So, has anyone fitted either of these to an SIP bandsaw, and do you think that a nut and bolt with load spreading backing plate would be a good idea?
 
Hi John
I'm glad your machine is running nicely and thank you for the plug.
Did you buy the whole set or just the bandsaw ones? If you bought the lot and haven't watched them all yet, skip to Workshop Essentials 10. There is an excellent fence on there that will fit a bandsaw just as well as it fits a TS. You may have to swap out the rail on your BS to suit, but that is not difficult.

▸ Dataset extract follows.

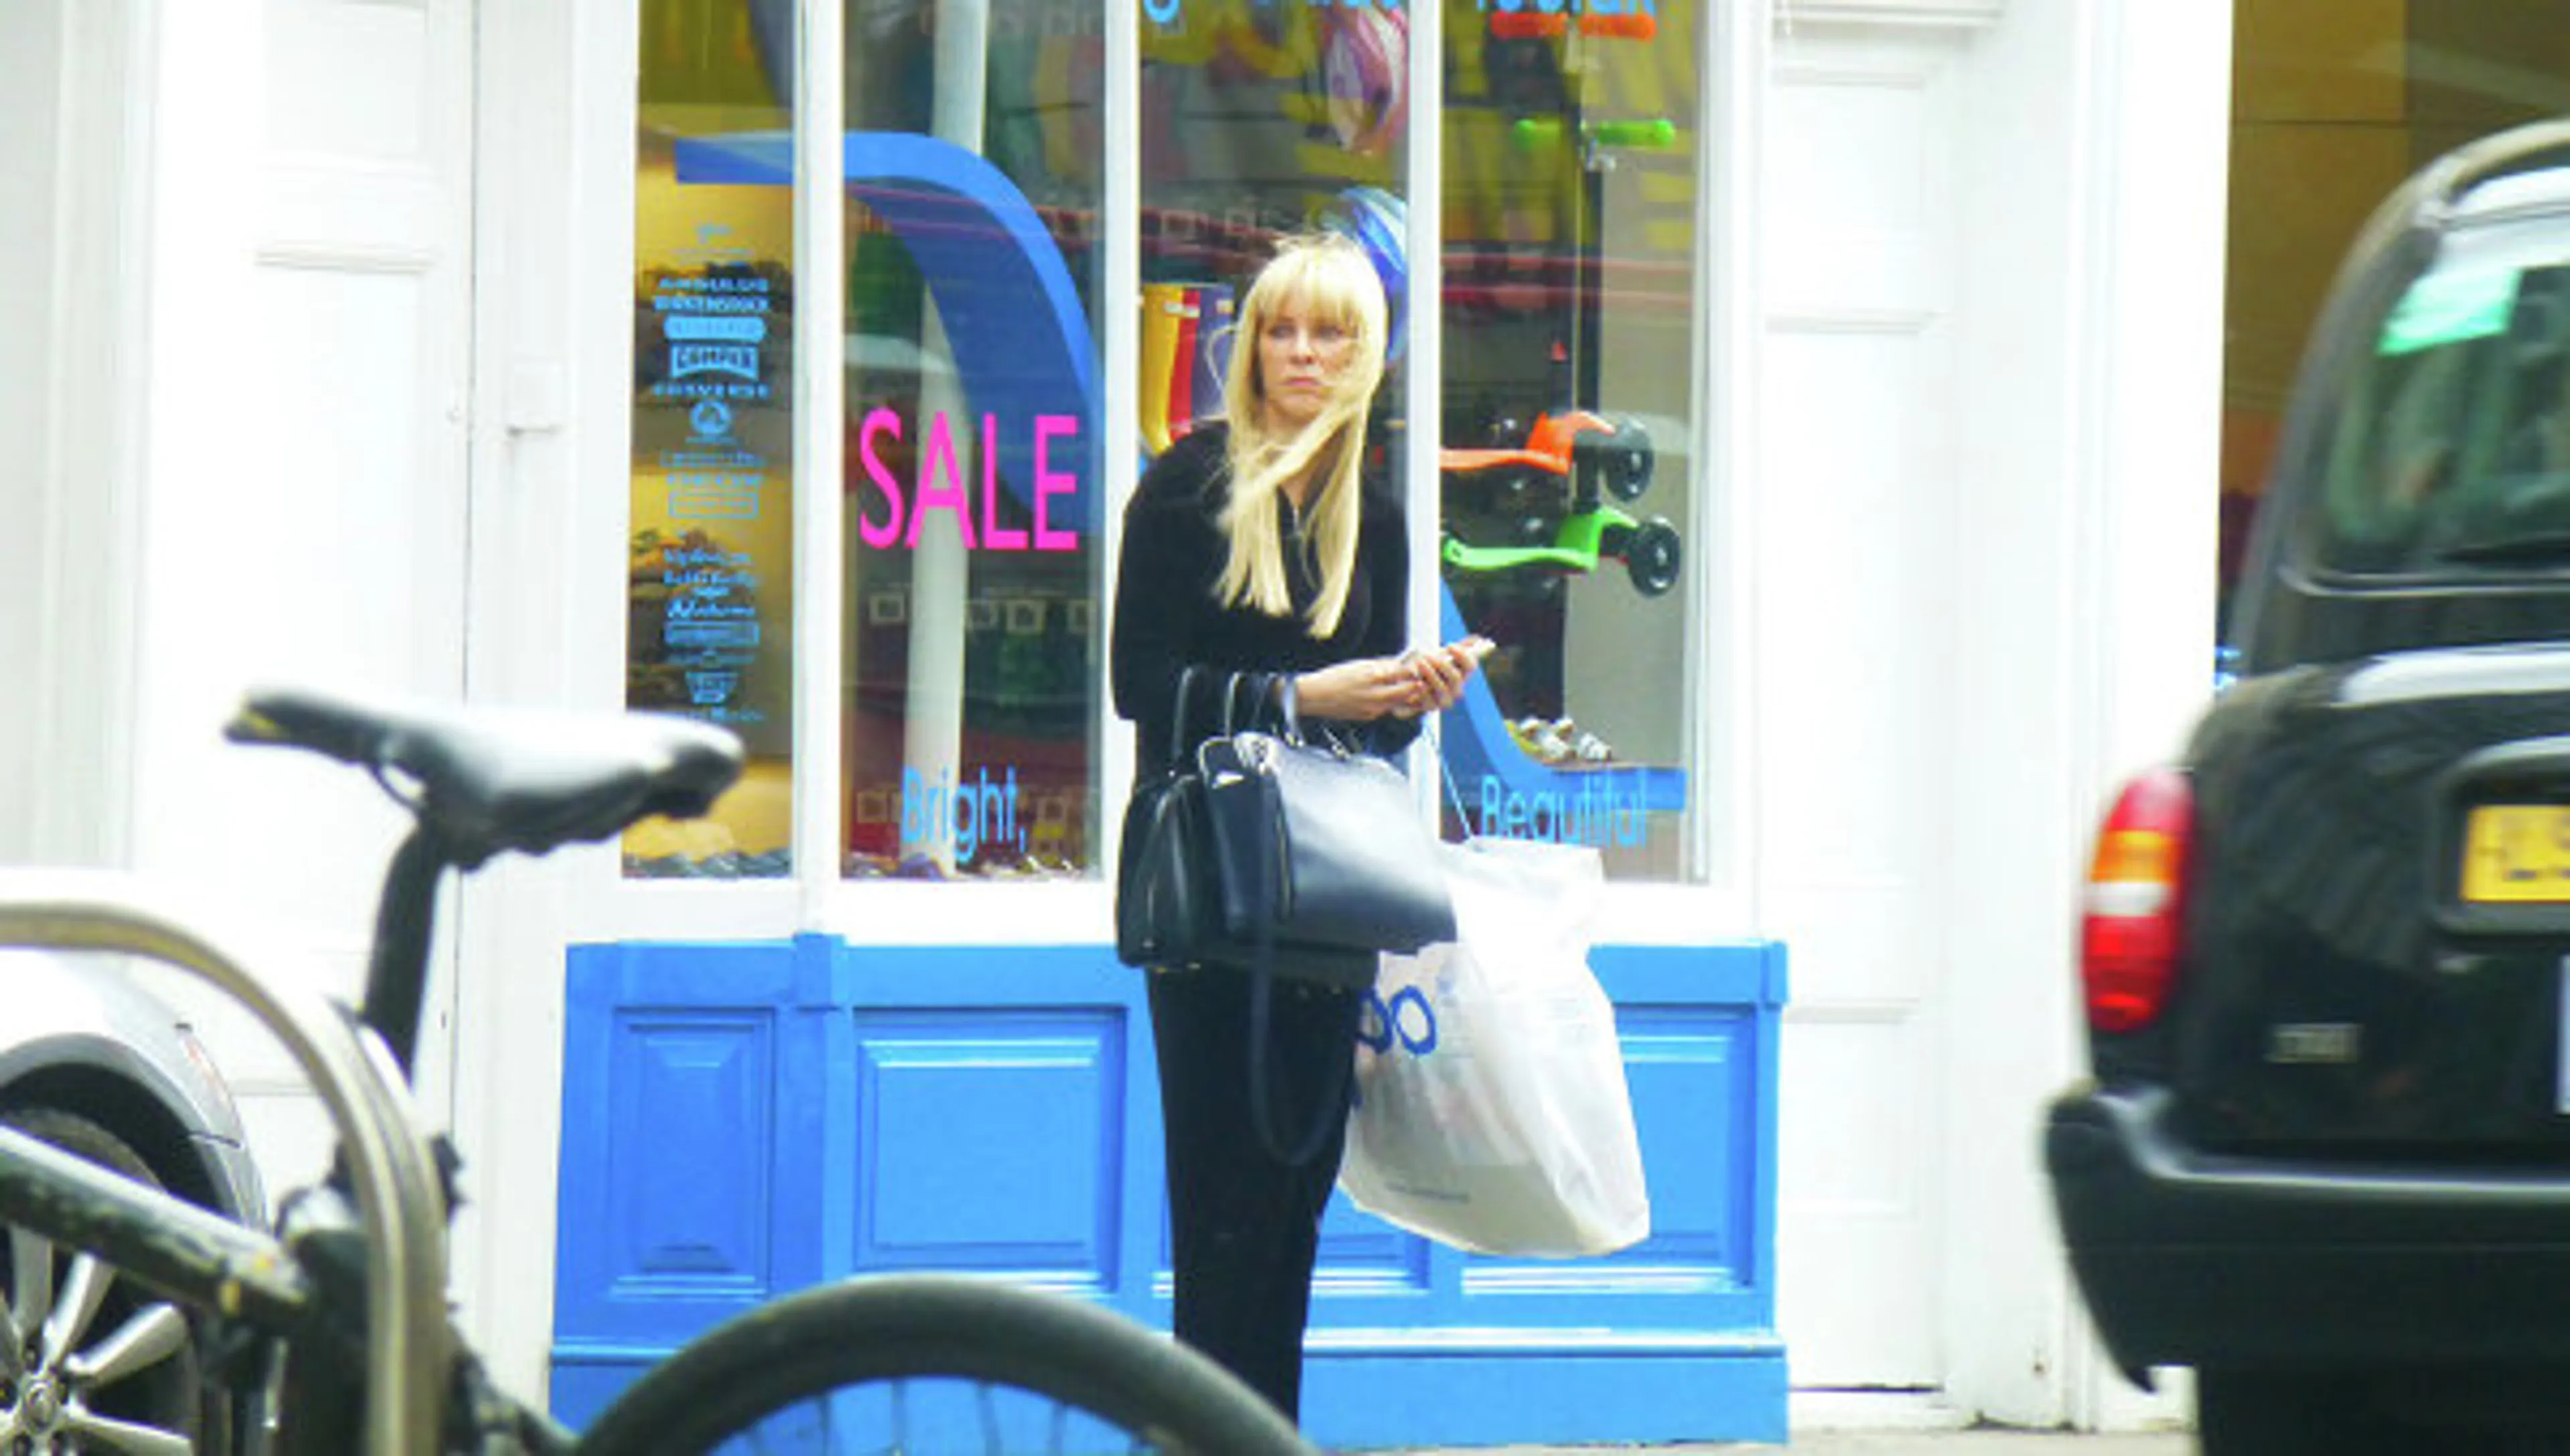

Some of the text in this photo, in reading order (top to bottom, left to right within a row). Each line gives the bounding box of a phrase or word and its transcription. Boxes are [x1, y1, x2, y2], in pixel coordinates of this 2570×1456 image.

The fence itself is easy to make, no welding required, and is as rock-solid as a Beismeyer.
 
Thanks for the reply Steve. I just bought the bandsaw DVDs s and still have the last one to watch. Not sure where I'm going with the fence upgrade yet. The sorting of my bandsaw has gone so well now that I'm starting to question my intended purchase of a table saw. This morning I made a crosscut sled running in both rails of my bandsaw, and this is making very square cuts. I cut both of the runners for this on my bandsaw and both were right first time. Thickness of these was less than 0.01mm different end to end measured with a digital calliper. And cut using my existing rip fence. My only problem now is that when I move the fence it doesn't always fix square, and so cannot be relied on. There are always ways round this as parallelism can always be achieved with a calliper measurement to a slot. The key to all this as was evident in your DVDs is getting the blade to track straight with zero drift. After that it's a breeze!
 
Just for closure on this thread...... I have now found the answers to my original ramblings! Events took an unfortunate turn this morning when cam locking mechanism on my bandsaw fence broke. Oh dear, ( or words to that effect) I said. It had snapped on part of the alloy casting, and any sort of repair was not possible, as it would require a complete re-engineered rebuild, and as I was not happy with this fence anyway, there didn't seem much point in attempting that! One of Steves shop made fences was certainly a possibility and would I'm sure have been brilliant, but I was realy wanting an instant fix. I had almost talked myself into an Axminster upgrade fence prior to this failure, so it was off to Warrington I went. The fence mounts to the front edge of the bandsaw table and requires 2 M6 holes. Many bandsaws have these already but mine did not so a small metal engineering job was required. After carefully marking and popping the mounting sites I drilled the 5mm holes into the cast iron table. This turned out to be a simple task with a sharp new drill bit. I then tapped these holes to M6. This was a first for me. I've hand chased many threads in exotic timbers, but I've never used a tap in metal. The rest is a very simple task of fitting the fence to the new rail and adjusting it. It was very nearly right out of the box, but with a few adjustments to square it to the table and to the slots it was complete.my new Tuff-saws blade is cutting without drift after following Steves instructions on his bandsaw DVDs, and this fence is true to the blade when locked in any position. The Axminster fence is awesome when fitted to a well tuned bandsaw, and my saw is now achieving levels of accuracy that I didn't realise we're possible with this tool. I wish I had done this years ago. Steves bandsaw DVDs should be bought by every bandsaw owner!